##### Information supplied #####
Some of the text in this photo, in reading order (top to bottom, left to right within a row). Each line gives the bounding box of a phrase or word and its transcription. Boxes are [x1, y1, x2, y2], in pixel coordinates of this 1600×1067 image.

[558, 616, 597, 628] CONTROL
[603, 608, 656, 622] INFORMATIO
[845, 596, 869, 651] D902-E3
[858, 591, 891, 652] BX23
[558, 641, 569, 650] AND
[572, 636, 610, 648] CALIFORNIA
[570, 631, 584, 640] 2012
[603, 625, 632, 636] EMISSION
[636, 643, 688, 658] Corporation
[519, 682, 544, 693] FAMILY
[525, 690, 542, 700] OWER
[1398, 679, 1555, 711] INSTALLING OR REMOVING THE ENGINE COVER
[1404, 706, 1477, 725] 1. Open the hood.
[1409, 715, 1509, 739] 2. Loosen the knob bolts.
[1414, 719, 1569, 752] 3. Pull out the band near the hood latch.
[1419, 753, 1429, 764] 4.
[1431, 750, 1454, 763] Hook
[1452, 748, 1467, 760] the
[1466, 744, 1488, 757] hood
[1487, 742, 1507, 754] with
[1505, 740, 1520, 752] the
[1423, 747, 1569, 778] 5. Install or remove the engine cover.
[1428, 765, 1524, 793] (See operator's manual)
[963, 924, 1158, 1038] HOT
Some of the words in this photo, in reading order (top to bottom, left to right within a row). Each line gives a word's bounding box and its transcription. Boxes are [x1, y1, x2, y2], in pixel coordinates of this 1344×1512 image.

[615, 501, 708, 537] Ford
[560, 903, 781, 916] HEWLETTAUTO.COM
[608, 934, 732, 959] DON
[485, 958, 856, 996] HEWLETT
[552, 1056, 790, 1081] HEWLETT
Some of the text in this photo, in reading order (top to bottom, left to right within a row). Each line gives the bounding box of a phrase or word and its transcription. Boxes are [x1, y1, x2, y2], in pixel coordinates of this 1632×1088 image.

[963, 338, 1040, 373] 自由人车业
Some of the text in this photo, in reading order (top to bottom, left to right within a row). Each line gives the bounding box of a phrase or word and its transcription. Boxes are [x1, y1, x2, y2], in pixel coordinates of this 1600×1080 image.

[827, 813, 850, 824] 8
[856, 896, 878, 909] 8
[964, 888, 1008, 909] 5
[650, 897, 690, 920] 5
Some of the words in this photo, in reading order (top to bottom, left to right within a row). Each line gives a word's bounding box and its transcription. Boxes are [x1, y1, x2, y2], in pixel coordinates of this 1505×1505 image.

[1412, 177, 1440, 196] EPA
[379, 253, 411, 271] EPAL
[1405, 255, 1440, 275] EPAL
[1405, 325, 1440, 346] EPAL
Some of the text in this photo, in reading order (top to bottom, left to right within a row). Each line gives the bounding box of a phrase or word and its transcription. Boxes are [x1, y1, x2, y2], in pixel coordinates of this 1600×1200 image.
#####
• Task goal
Only an exact copy of the data above will do.

• Task result
Some of the text in this photo, in reading order (top to bottom, left to right within a row). Each line gives the bounding box of a phrase or word and its transcription. Boxes are [x1, y1, x2, y2], in pixel coordinates of this 1600×1067 image.

[558, 616, 597, 628] CONTROL
[603, 608, 656, 622] INFORMATIO
[845, 596, 869, 651] D902-E3
[858, 591, 891, 652] BX23
[558, 641, 569, 650] AND
[572, 636, 610, 648] CALIFORNIA
[570, 631, 584, 640] 2012
[603, 625, 632, 636] EMISSION
[636, 643, 688, 658] Corporation
[519, 682, 544, 693] FAMILY
[525, 690, 542, 700] OWER
[1398, 679, 1555, 711] INSTALLING OR REMOVING THE ENGINE COVER
[1404, 706, 1477, 725] 1. Open the hood.
[1409, 715, 1509, 739] 2. Loosen the knob bolts.
[1414, 719, 1569, 752] 3. Pull out the band near the hood latch.
[1419, 753, 1429, 764] 4.
[1431, 750, 1454, 763] Hook
[1452, 748, 1467, 760] the
[1466, 744, 1488, 757] hood
[1487, 742, 1507, 754] with
[1505, 740, 1520, 752] the
[1423, 747, 1569, 778] 5. Install or remove the engine cover.
[1428, 765, 1524, 793] (See operator's manual)
[963, 924, 1158, 1038] HOT
Some of the words in this photo, in reading order (top to bottom, left to right within a row). Each line gives a word's bounding box and its transcription. Boxes are [x1, y1, x2, y2], in pixel coordinates of this 1344×1512 image.

[615, 501, 708, 537] Ford
[560, 903, 781, 916] HEWLETTAUTO.COM
[608, 934, 732, 959] DON
[485, 958, 856, 996] HEWLETT
[552, 1056, 790, 1081] HEWLETT
Some of the text in this photo, in reading order (top to bottom, left to right within a row). Each line gives the bounding box of a phrase or word and its transcription. Boxes are [x1, y1, x2, y2], in pixel coordinates of this 1632×1088 image.

[963, 338, 1040, 373] 自由人车业
Some of the text in this photo, in reading order (top to bottom, left to right within a row). Each line gives the bounding box of a phrase or word and its transcription. Boxes are [x1, y1, x2, y2], in pixel coordinates of this 1600×1080 image.

[827, 813, 850, 824] 8
[856, 896, 878, 909] 8
[964, 888, 1008, 909] 5
[650, 897, 690, 920] 5
Some of the words in this photo, in reading order (top to bottom, left to right within a row). Each line gives a word's bounding box and its transcription. Boxes are [x1, y1, x2, y2], in pixel coordinates of this 1505×1505 image.

[1412, 177, 1440, 196] EPA
[379, 253, 411, 271] EPAL
[1405, 255, 1440, 275] EPAL
[1405, 325, 1440, 346] EPAL
Some of the text in this photo, in reading order (top to bottom, left to right within a row). Each line gives the bounding box of a phrase or word and its transcription. Boxes are [x1, y1, x2, y2], in pixel coordinates of this 1600×1200 image.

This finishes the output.